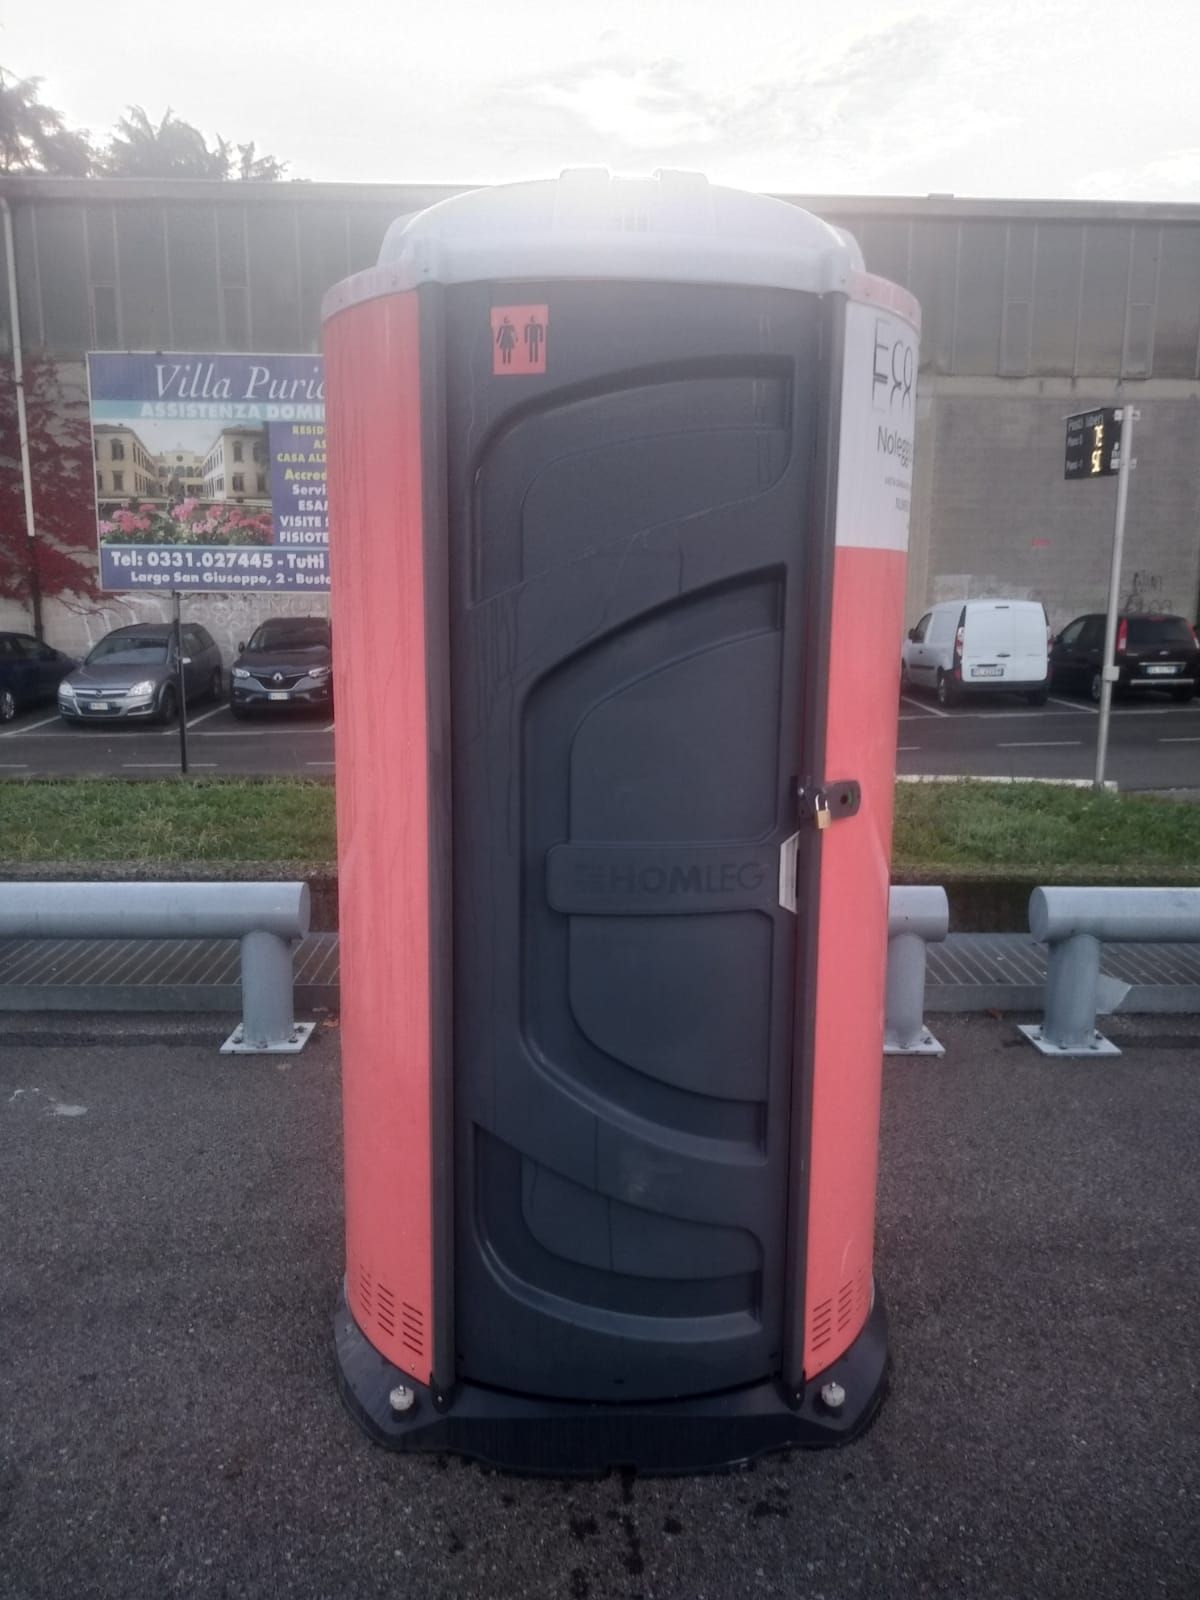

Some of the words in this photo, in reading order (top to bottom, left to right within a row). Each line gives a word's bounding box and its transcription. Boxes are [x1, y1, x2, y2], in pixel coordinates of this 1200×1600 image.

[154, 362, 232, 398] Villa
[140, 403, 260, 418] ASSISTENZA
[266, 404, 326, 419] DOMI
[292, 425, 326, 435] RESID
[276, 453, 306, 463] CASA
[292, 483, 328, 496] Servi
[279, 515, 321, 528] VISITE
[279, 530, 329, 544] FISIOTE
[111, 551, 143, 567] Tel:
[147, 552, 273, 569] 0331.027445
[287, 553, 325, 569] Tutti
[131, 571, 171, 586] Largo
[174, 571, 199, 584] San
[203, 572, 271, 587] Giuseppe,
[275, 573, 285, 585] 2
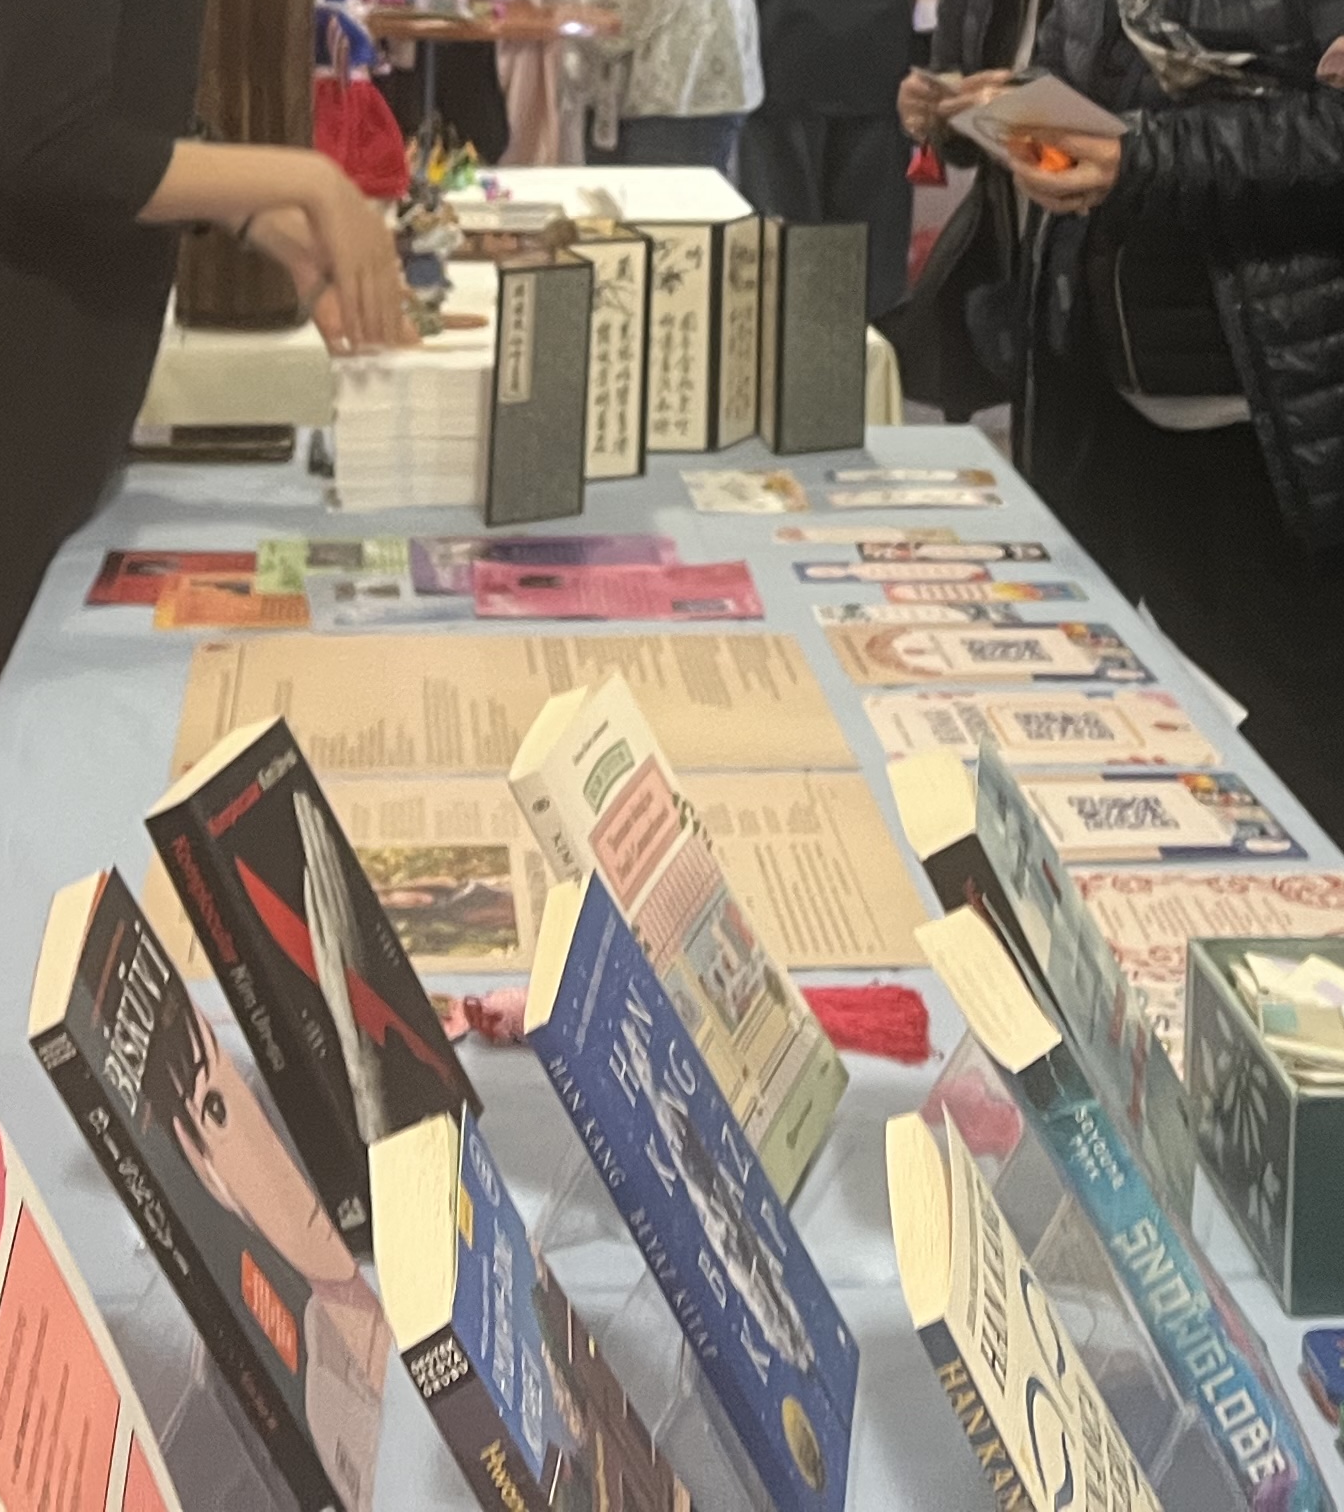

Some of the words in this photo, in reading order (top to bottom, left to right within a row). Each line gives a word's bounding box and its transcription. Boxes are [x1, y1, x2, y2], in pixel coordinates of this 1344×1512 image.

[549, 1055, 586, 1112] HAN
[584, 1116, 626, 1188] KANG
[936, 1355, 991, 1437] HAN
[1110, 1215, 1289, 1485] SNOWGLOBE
────
PROMPT: A verbatim copy of the records above, without pictures, is required.

WRITTEN ANSWER:
Some of the words in this photo, in reading order (top to bottom, left to right within a row). Each line gives a word's bounding box and its transcription. Boxes are [x1, y1, x2, y2], in pixel coordinates of this 1200×1600 image.

[154, 362, 232, 398] Villa
[140, 403, 260, 418] ASSISTENZA
[266, 404, 326, 419] DOMI
[292, 425, 326, 435] RESID
[276, 453, 306, 463] CASA
[292, 483, 328, 496] Servi
[279, 515, 321, 528] VISITE
[279, 530, 329, 544] FISIOTE
[111, 551, 143, 567] Tel:
[147, 552, 273, 569] 0331.027445
[287, 553, 325, 569] Tutti
[131, 571, 171, 586] Largo
[174, 571, 199, 584] San
[203, 572, 271, 587] Giuseppe,
[275, 573, 285, 585] 2

Some of the words in this photo, in reading order (top to bottom, left to right within a row). Each line gives a word's bounding box and its transcription. Boxes are [x1, y1, x2, y2], in pixel coordinates of this 1344×1512 image.

[549, 1055, 586, 1112] HAN
[584, 1116, 626, 1188] KANG
[936, 1355, 991, 1437] HAN
[1110, 1215, 1289, 1485] SNOWGLOBE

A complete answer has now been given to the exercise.